What needs to be done: Please retype every record exactly as it appears, omitting the pictures.

Working data:
*** Block opens ***

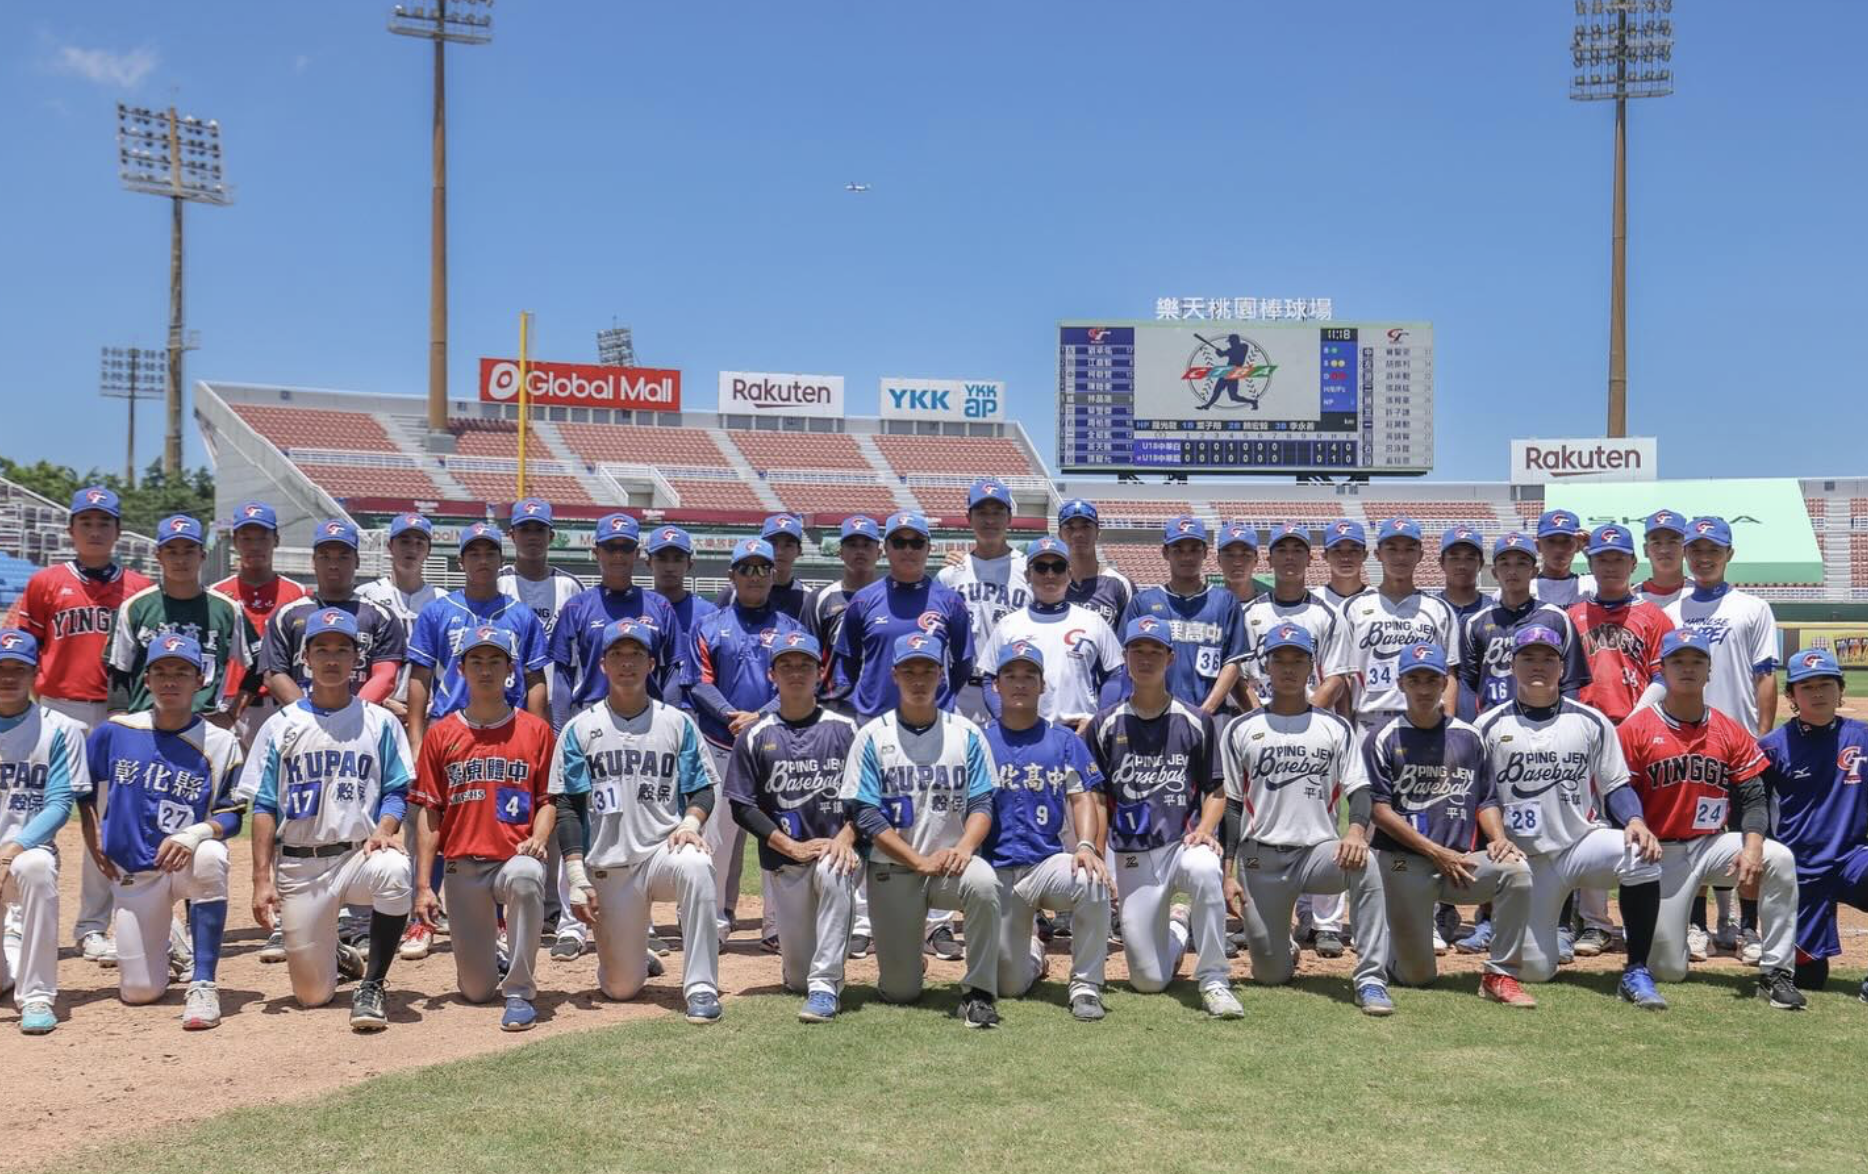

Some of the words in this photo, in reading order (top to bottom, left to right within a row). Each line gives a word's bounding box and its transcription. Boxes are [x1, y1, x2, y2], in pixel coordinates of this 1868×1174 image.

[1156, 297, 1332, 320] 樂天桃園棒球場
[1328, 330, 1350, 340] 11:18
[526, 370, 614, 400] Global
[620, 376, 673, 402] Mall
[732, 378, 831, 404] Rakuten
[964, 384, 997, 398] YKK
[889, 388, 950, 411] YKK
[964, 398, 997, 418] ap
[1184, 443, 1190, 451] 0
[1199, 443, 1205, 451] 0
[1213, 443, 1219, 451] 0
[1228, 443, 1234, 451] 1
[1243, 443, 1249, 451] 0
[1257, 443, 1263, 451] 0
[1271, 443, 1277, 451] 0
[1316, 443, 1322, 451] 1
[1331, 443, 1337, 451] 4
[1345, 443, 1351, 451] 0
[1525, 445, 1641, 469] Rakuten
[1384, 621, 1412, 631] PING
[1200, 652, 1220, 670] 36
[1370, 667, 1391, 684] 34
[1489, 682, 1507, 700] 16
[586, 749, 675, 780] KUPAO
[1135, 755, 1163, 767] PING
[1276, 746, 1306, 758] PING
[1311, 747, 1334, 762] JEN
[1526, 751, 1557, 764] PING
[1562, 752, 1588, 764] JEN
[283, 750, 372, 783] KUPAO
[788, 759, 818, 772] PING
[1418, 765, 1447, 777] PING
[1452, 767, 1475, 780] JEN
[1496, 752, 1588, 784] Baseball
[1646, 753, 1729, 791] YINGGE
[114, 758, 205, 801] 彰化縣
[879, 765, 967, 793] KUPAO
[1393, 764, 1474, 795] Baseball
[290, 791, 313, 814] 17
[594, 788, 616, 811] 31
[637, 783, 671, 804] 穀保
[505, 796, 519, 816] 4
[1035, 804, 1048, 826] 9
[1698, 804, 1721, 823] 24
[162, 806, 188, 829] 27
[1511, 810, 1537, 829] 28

*** Block closes ***

Problem solution:
Some of the words in this photo, in reading order (top to bottom, left to right within a row). Each line gives a word's bounding box and its transcription. Boxes are [x1, y1, x2, y2], in pixel coordinates of this 1868×1174 image.

[1156, 297, 1332, 320] 樂天桃園棒球場
[1328, 330, 1350, 340] 11:18
[526, 370, 614, 400] Global
[620, 376, 673, 402] Mall
[732, 378, 831, 404] Rakuten
[964, 384, 997, 398] YKK
[889, 388, 950, 411] YKK
[964, 398, 997, 418] ap
[1184, 443, 1190, 451] 0
[1199, 443, 1205, 451] 0
[1213, 443, 1219, 451] 0
[1228, 443, 1234, 451] 1
[1243, 443, 1249, 451] 0
[1257, 443, 1263, 451] 0
[1271, 443, 1277, 451] 0
[1316, 443, 1322, 451] 1
[1331, 443, 1337, 451] 4
[1345, 443, 1351, 451] 0
[1525, 445, 1641, 469] Rakuten
[1384, 621, 1412, 631] PING
[1200, 652, 1220, 670] 36
[1370, 667, 1391, 684] 34
[1489, 682, 1507, 700] 16
[586, 749, 675, 780] KUPAO
[1135, 755, 1163, 767] PING
[1276, 746, 1306, 758] PING
[1311, 747, 1334, 762] JEN
[1526, 751, 1557, 764] PING
[1562, 752, 1588, 764] JEN
[283, 750, 372, 783] KUPAO
[788, 759, 818, 772] PING
[1418, 765, 1447, 777] PING
[1452, 767, 1475, 780] JEN
[1496, 752, 1588, 784] Baseball
[1646, 753, 1729, 791] YINGGE
[114, 758, 205, 801] 彰化縣
[879, 765, 967, 793] KUPAO
[1393, 764, 1474, 795] Baseball
[290, 791, 313, 814] 17
[594, 788, 616, 811] 31
[637, 783, 671, 804] 穀保
[505, 796, 519, 816] 4
[1035, 804, 1048, 826] 9
[1698, 804, 1721, 823] 24
[162, 806, 188, 829] 27
[1511, 810, 1537, 829] 28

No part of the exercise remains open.